Reading Salman Khan’s book, The One World Schoolhouse, reinforced the fact that there is plenty wrong about the modern school system, and not just financially speaking (as much as we complain about the rising costs of tuition). The issue with our schools is ingrained in the pedagogy. Sal’s book provides a lot of context for why the U.S. education system is the way it is, how Khan Academy is changing that space, the purpose of homework, and all sorts of other great points on education and what the future holds for it.
While reading Sal’s book, I had a couple of weeks where I was reading and watching a whole bunch of Bret Victor and John Taylor Gatto, and watched the college documentary Ivory Tower. A couple of my favorite pieces are Bret’s thoughts on teaching and Gatto’s The Six-Lesson Schoolteacher.
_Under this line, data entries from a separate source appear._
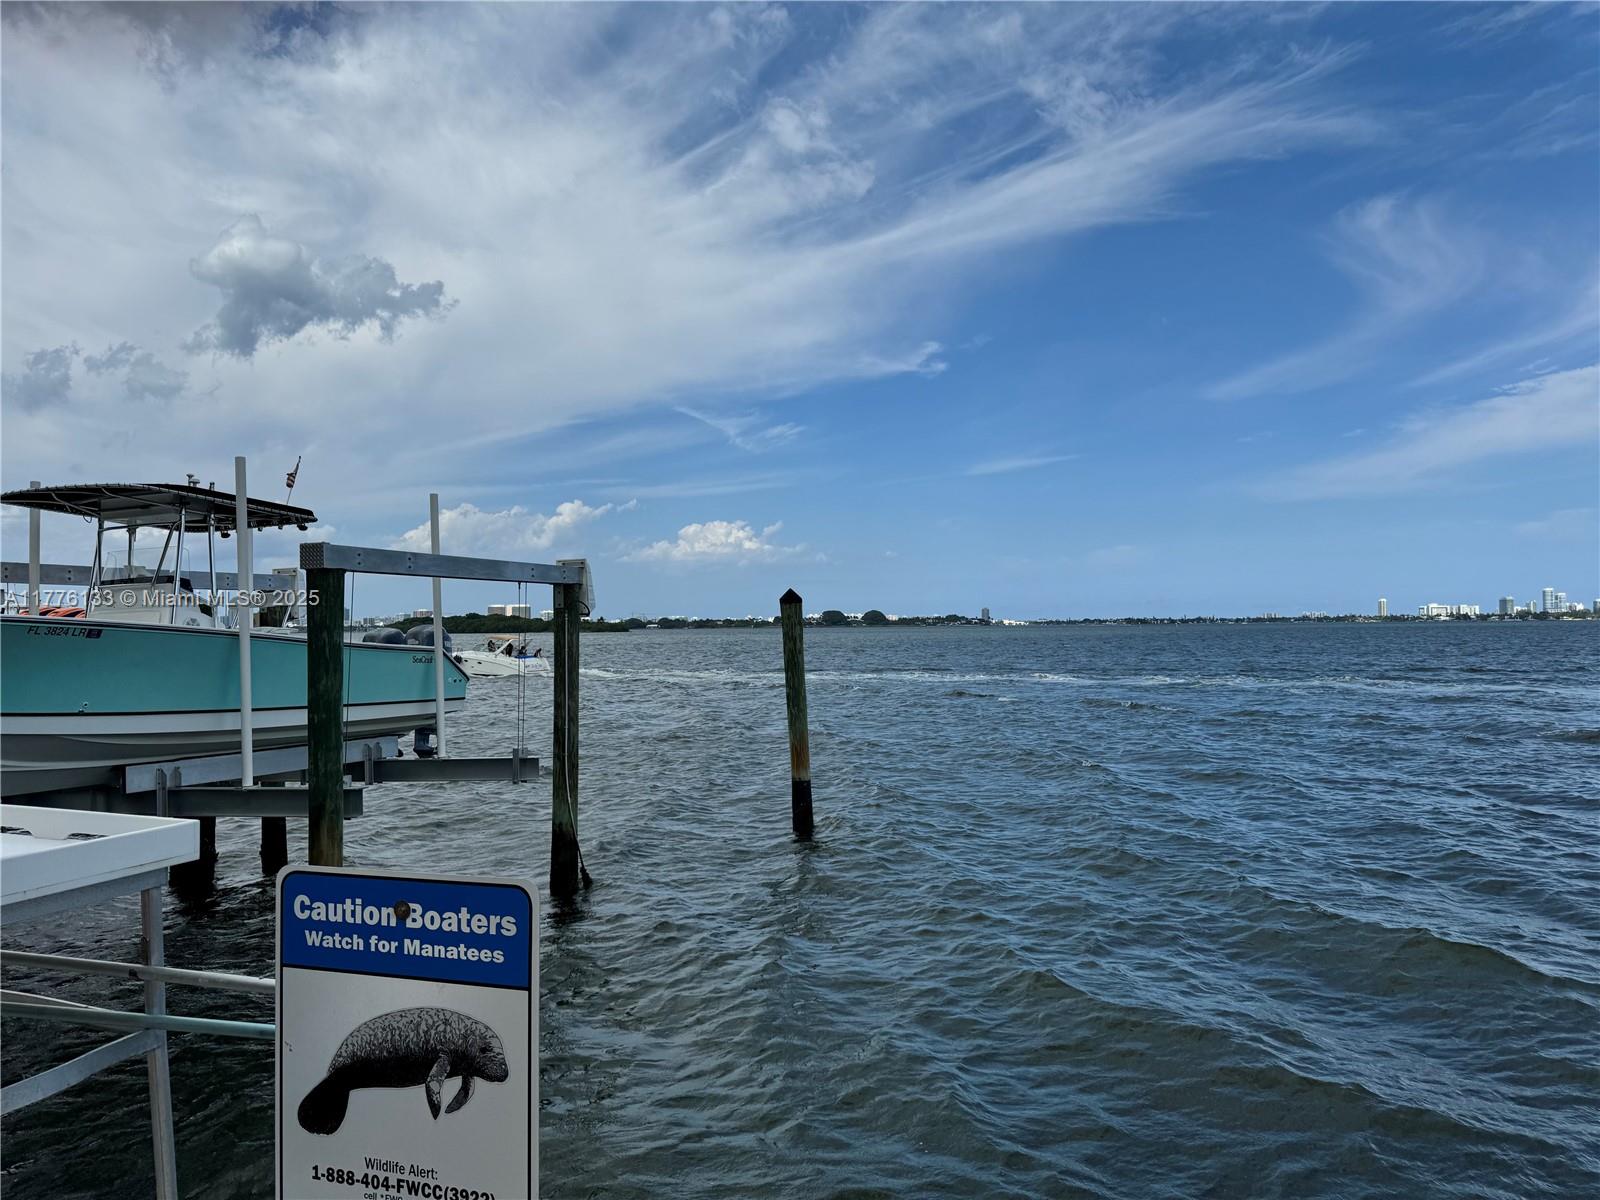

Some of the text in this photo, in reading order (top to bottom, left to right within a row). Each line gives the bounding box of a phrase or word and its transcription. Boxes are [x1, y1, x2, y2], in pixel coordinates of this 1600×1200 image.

[27, 625, 41, 635] FL
[44, 626, 69, 637] 3824
[71, 628, 87, 638] LR
[293, 894, 518, 937] Caution Boaters
[304, 929, 505, 964] Watch for Manatees
[364, 1156, 438, 1181] Wildlife Alert:
There was an interesting discussion last month on the College Opportunity Day of Action about innovation and higher education. The whole panel discussion is recorded on YouTube, and starts an hour into the video and lasts about an hour. One of the main points was rethinking the perceptions that we have about our education, but one point that stood out to me (it happens at about the 1:44:00 timestamp of the video) was one that Freeman Hrabowski made in the talk about the need to learn how to ask the right questions. introducing the topic by prefacing it with Isidor Isaac Rabi growing up in New York and coming home from school with his grandmother asking him “Did you ask a good question today?” while his friends’ mothers would ask their children “What did you learn in school today?” His grandmother’s question encouraged his curiosity.
What did you learn today?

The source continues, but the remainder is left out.